# Best Blu-Ray DVD Player for Streaming Services like Netflix



## bt-rtp (Dec 30, 2005)

What the best Blu-Ray DVD player for streaming services such as Netflix ?


----------



## sigma1914 (Sep 5, 2006)

Right now? A PS3.


----------



## bt-rtp (Dec 30, 2005)

Are you kidding me ?


----------



## sigma1914 (Sep 5, 2006)

It's a great a streaming device...Why don't you believe me?


----------



## hdtvfan0001 (Jul 28, 2004)

To answer the OP - there are many Blu Ray players that now come with the streaming Netflix capability. Pick a brand, pick a price.

The biggest factor in how it works will be the bandwidth of your streaming content Internet connection...that impacts the performance more than anything else, regardless of the device used.


----------



## Hutchinshouse (Sep 28, 2006)

Oppo BDP-93

http://www.oppodigital.com/blu-ray-bdp-93/blu-ray-BDP-93-Features.aspx


----------



## Stuart Sweet (Jun 19, 2006)

Have to give thumbs up to the oppo myself, they are really excellent.


----------



## sigma1914 (Sep 5, 2006)

Hutchinshouse said:


> Oppo BDP-93
> 
> http://www.oppodigital.com/blu-ray-bdp-93/blu-ray-BDP-93-Features.aspx





Stuart Sweet said:


> Have to give thumbs up to the oppo myself, they are really excellent.

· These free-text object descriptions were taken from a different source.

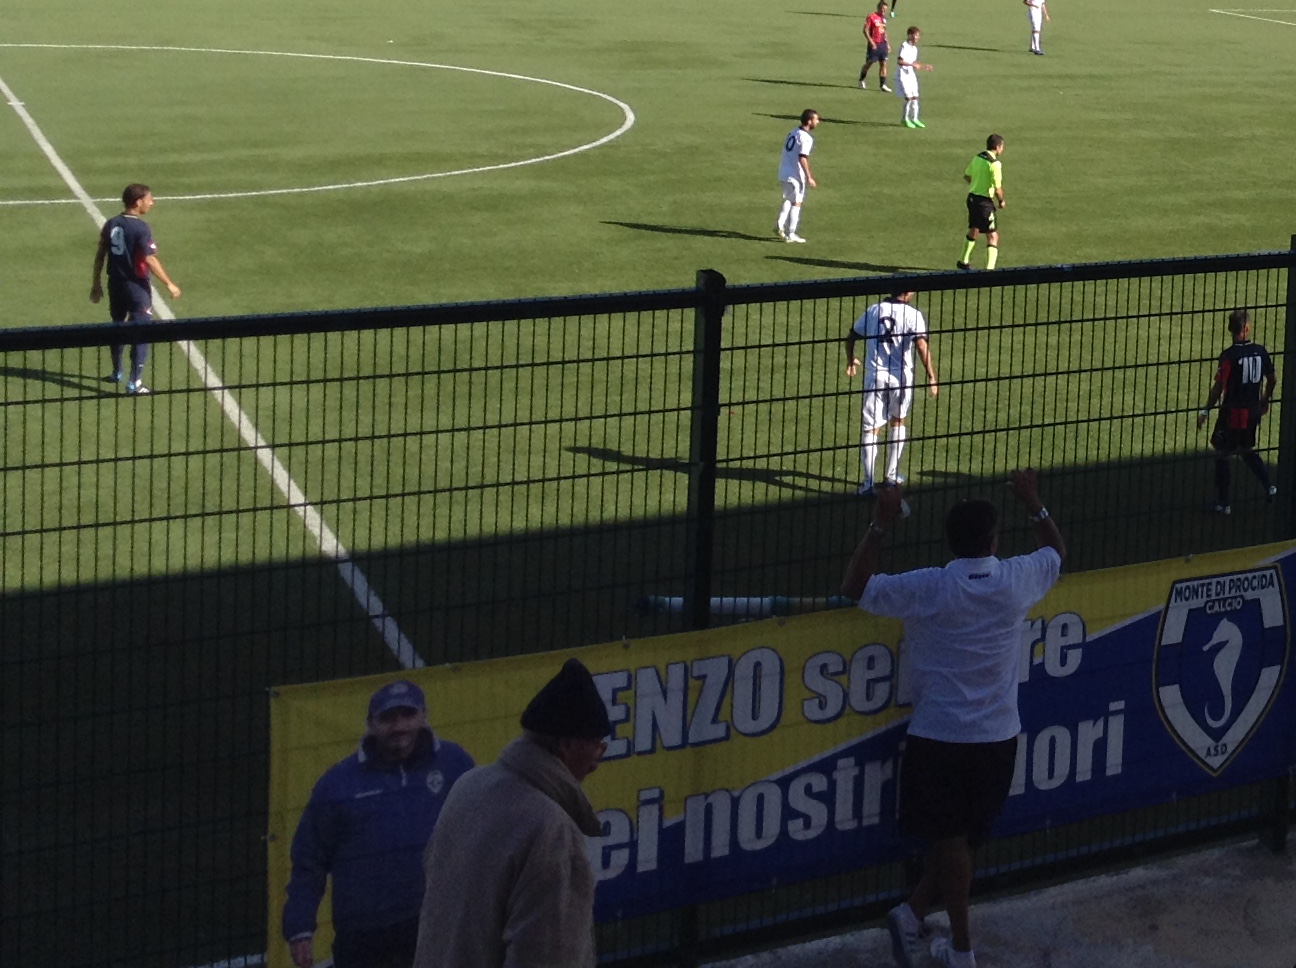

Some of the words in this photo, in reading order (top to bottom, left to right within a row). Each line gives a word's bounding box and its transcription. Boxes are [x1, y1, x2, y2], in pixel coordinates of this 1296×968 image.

[110, 226, 125, 256] 9
[1238, 355, 1262, 384] 10
[1174, 581, 1213, 603] MONTE
[1214, 580, 1226, 597] DI
[1228, 572, 1275, 594] PROCIDA
[1205, 596, 1243, 615] CALCIO
[592, 645, 784, 762] ENZO
[802, 611, 1086, 725] sere
[584, 786, 664, 882] ei
[684, 739, 908, 865] nostr

As an owner of the Oppo 93, I agree it's a great piece. Although, it's Netflix abilities, which the OP specified, are very good but aren't as good as the PS3. They're definitely working to change that, though.


----------



## Hutchinshouse (Sep 28, 2006)

sigma1914 said:


> As an owner of the Oppo 93, I agree it's a great piece. Although, it's Netflix abilities, which the OP specified, are very good but aren't as good as the PS3. They're definitely working to change that, though.


What's not good? GUI or video quality?


----------



## sigma1914 (Sep 5, 2006)

Hutchinshouse said:


> What's not good? GUI or video quality?


It's still the old GUI for now. Also, Oppo noted they're receiving different streams from Netflix than PS3 is getting. PS3 can do 1080p & 5.1, and the 93 can upscale very well. Don't get me wrong, the 93 PQ & AQ are freaking amazing (as good as & better than PS3 on everything else) & it streams stuff from your PC beautifully...even 1080p BR rips. The Netflix is great on some titles, as well. For example, I've been watching Desperate Housewives :lol: (don't judge), and it's been exceptional on the Oppo.

Bottom line....If you want the best Netflix experience right now, then get a PS3. If you want the best BR, DVD, and almost every format player for your mid high to high end setup, then get the Oppo.


----------



## chris vesuvio (Jul 5, 2007)

I use the ps3, a Wii and I have used a laptop connected via HDMI for streaming.
I just purchased a Sony $100 Blu-ray just to stream Netflix. It works great. You have to add to your streaming q via you computer now. You can no longer add with the device.
Our household is sometimes running 4 different streams at the same time with no glitches.


----------



## Getteau (Dec 20, 2007)

I've been pretty happy with the Netflix streaming on my Panasonic BD-65. Depending on the brand of TV, you may want to consider getting the same brand of player as your TV. With my Panny/Panny combo, the Blu-Ray player can talk to the TV over the HDMI cable and auto-switches the TV's input for me when I insert a DVD.


----------



## olguy (Jan 9, 2006)

Just installed a Sony NSZ-GT1 in the bed room. The Google TV in it uses the same Netflix app the Logitech Revue uses. It allows you to add to the Instant Queue from Recommended, Genres, Just Added Movies and TV plus Search.


----------



## Rich (Feb 22, 2007)

Getteau said:


> I've been pretty happy with the Netflix streaming on my Panasonic BD-65. Depending on the brand of TV, you may want to consider getting the same brand of player as your TV. With my Panny/Panny combo, the Blu-Ray player can talk to the TV over the HDMI cable and auto-switches the TV's input for me when I insert a DVD.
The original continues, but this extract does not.